Thursday, 8 August 2013: 4:45 PM
Multnomah (DoubleTree by Hilton Portland)
This talk discusses an issue associated with meteorological modeling with fine [O(1km)] grid meshes. The scales resolved by these meshes are small enough to capture features of the larger turbulent eddies that may exist in the planetary boundary layer (PBL), but too large for the simulation of the turbulent cascade that regulates their amplitude and structure, as would occur in a Large-Eddy Simulation (LES) where grid meshes are O(10m). Until recently larger [O(10km)] grid meshes were typically used for mesoscale modeling, but now increases in computational capability are making possible higher-resolution mesoscale modeling. The issue addressed in this talk is that PBL parameterizations developed for the larger-grid-mesh simulations may in fact set up situations in which the mesoscale model produces convectively unstable motions, the reason being that in an attempt to represent observed heated-PBL profiles, most parameterizations produce potential-temperature profiles that are superadiabatic over much of their depth.

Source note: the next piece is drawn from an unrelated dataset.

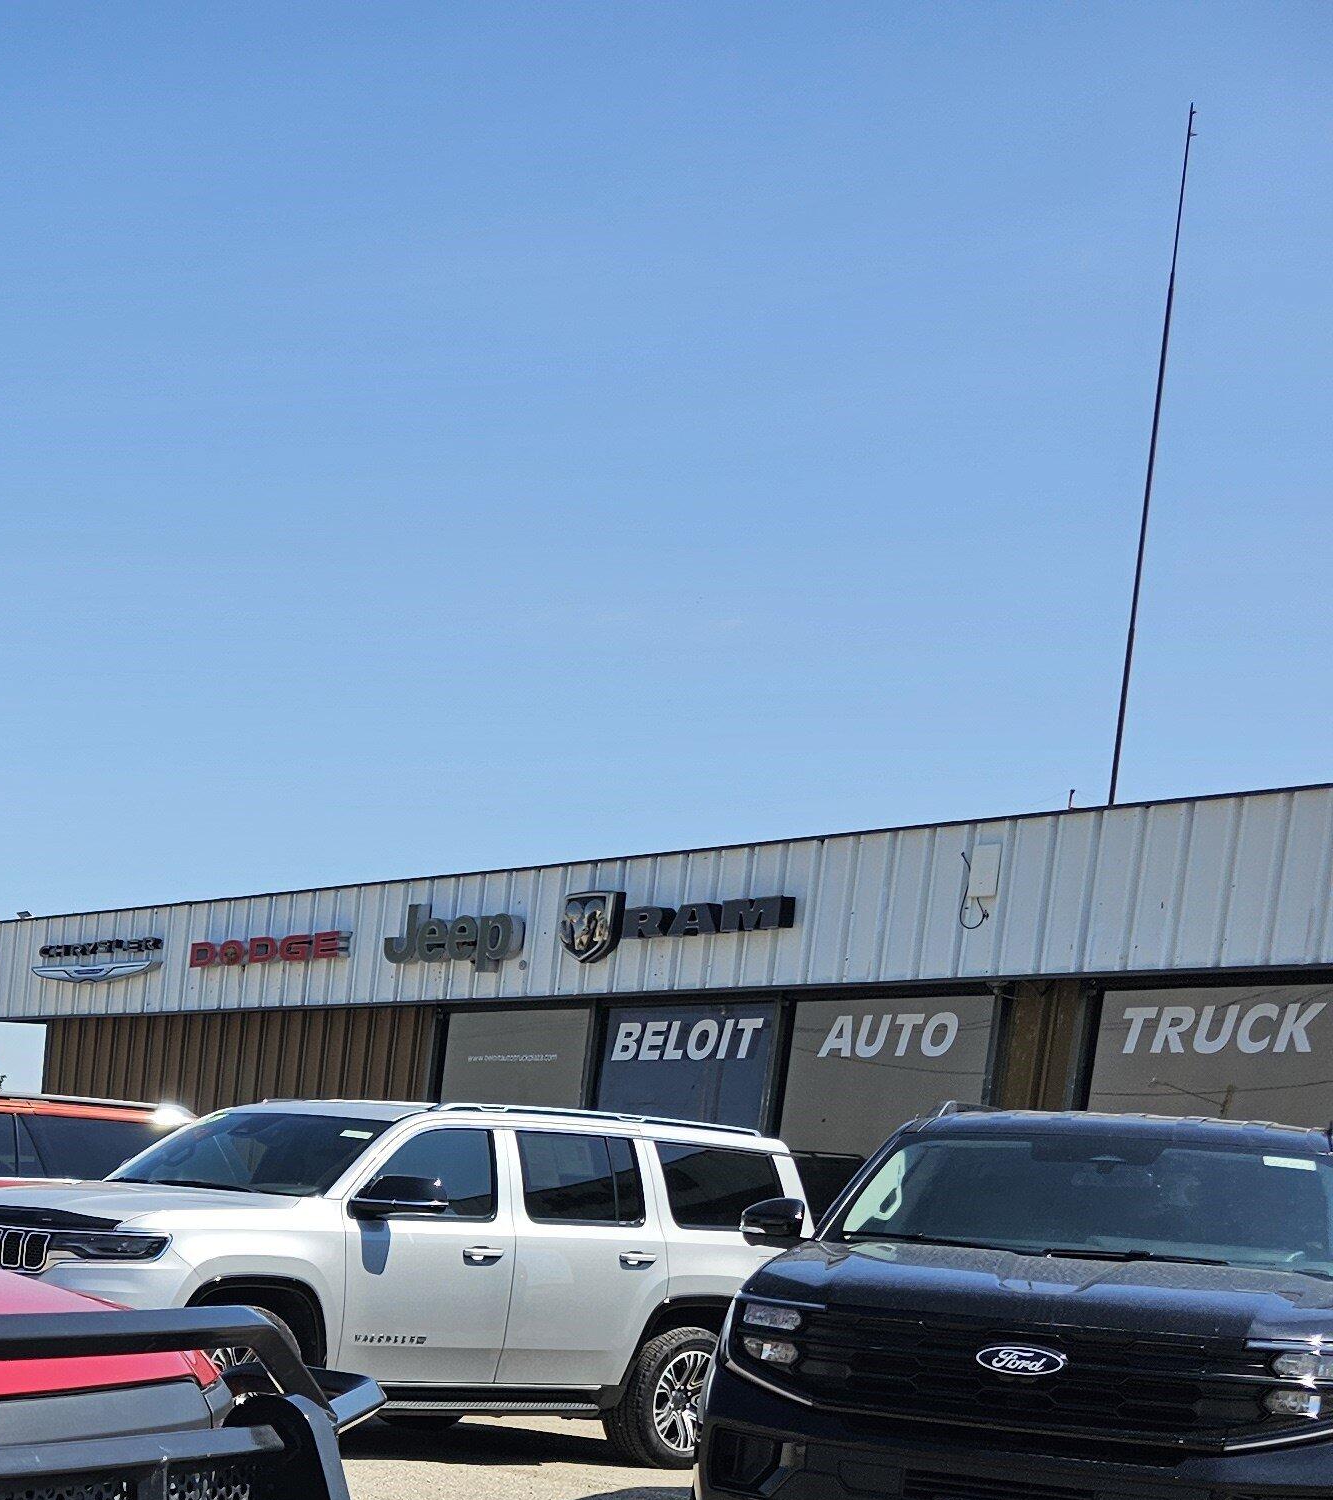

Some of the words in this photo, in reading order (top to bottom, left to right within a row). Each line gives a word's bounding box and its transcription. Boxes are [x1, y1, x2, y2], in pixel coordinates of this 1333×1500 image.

From the point of view of a mesoscale model, however, these profiles are absolutely unstable and are prone to producing circulations at the minimum resolved scale (typically 4-6 times the horizontal mesh size) at short lead times since the growth rate is inversely proportional to the resolved scale. Although the production of these circulations corresponds to a real physical process, the smaller-scale turbulence that determines the ultimate form taken by these motions (i.e. whether they be regular or randomly distributed in space) depends on scales not resolved by the mesoscale model. For mesoscale models with grid meshes O(1km), the motions immediately downscale of the minimum resolved scale are too large to fall within the inertial subrange of turbulence and no theory based on first principles exists for the parameterization of their effects. In the present study we turn to simulations with resolution high enough to simulate turbulent transfer (i.e. LES) as a guide to the physical regimes where structural features such as quasi-steady, quasi two-dimensional circulations may occur in the heated PBL.